*** DATA UNDER STUDY ***

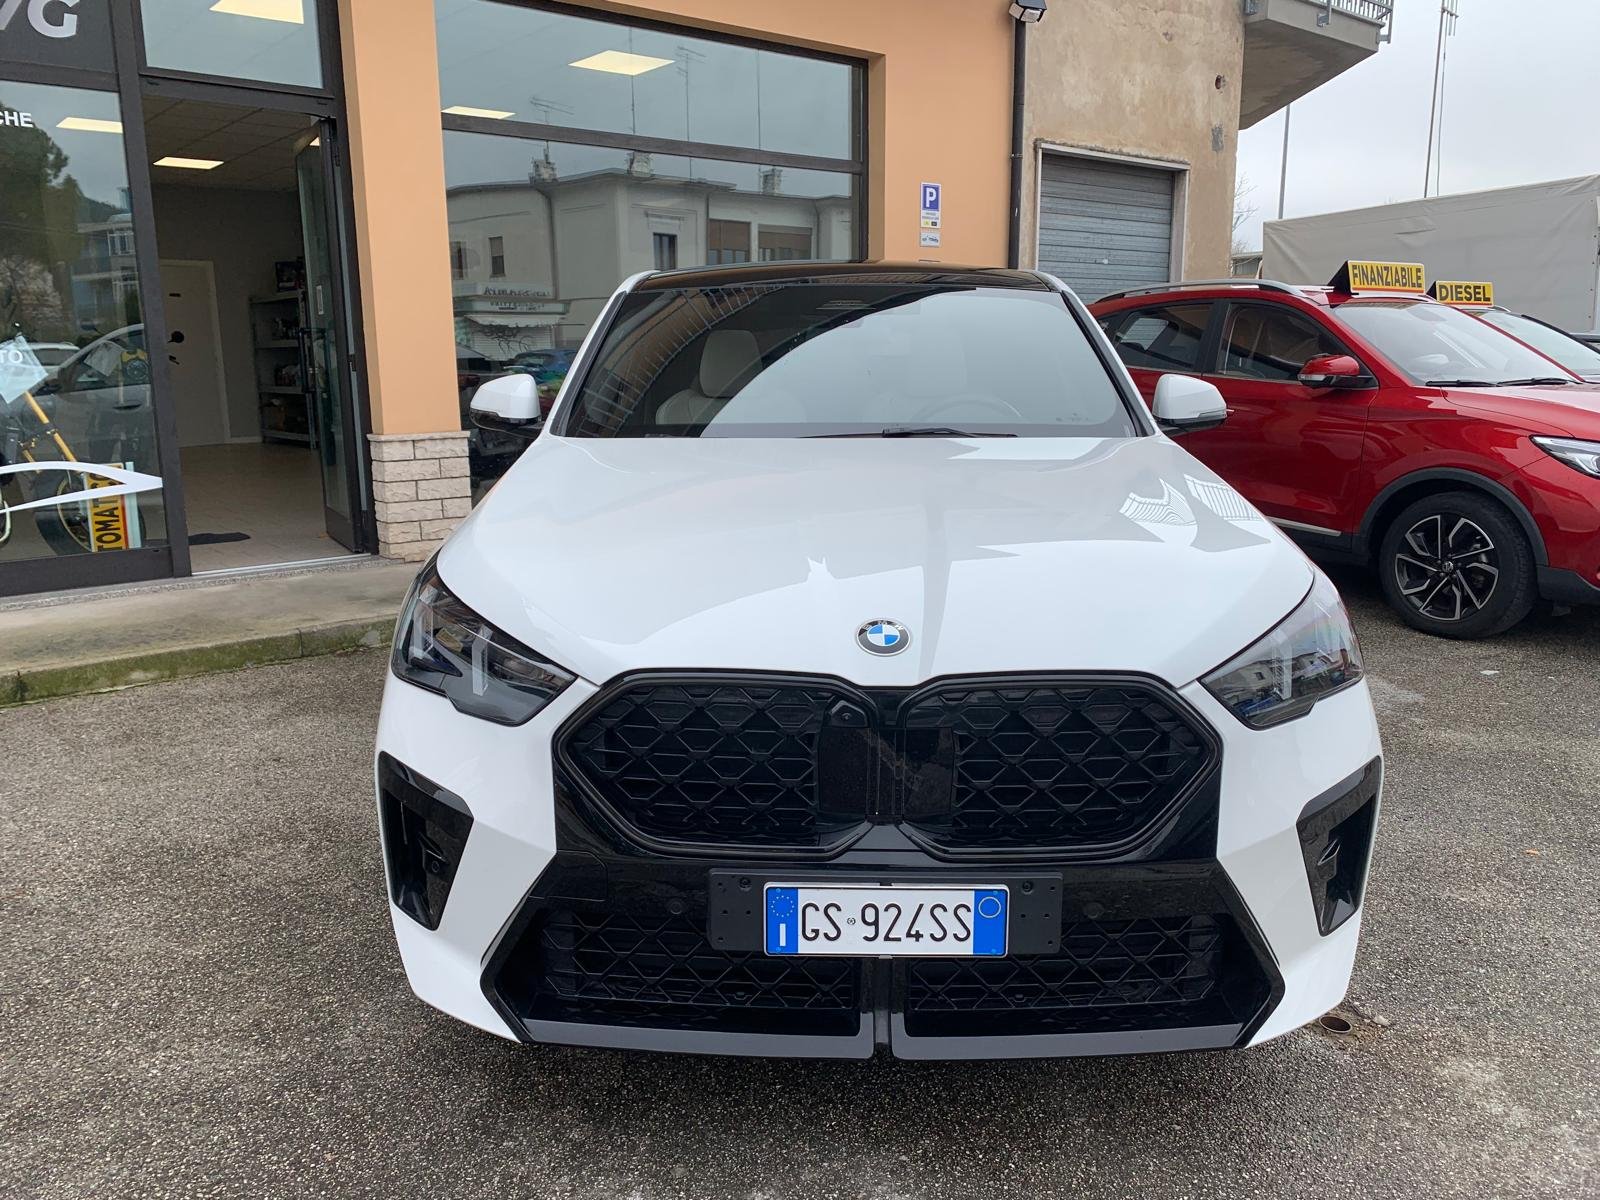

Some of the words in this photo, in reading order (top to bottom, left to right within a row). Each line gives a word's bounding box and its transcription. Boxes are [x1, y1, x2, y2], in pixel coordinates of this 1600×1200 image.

[925, 187, 937, 208] P
[1351, 264, 1423, 288] FINANZIABILE
[1438, 284, 1491, 302] DIESEL
[801, 902, 843, 942] GS
[860, 902, 972, 943] 924SS

***

- EXERCISE: Without the pictures, write out the whole listing above exactly as it appears.

- EXERCISE OUTPUT:
Some of the words in this photo, in reading order (top to bottom, left to right within a row). Each line gives a word's bounding box and its transcription. Boxes are [x1, y1, x2, y2], in pixel coordinates of this 1600×1200 image.

[925, 187, 937, 208] P
[1351, 264, 1423, 288] FINANZIABILE
[1438, 284, 1491, 302] DIESEL
[801, 902, 843, 942] GS
[860, 902, 972, 943] 924SS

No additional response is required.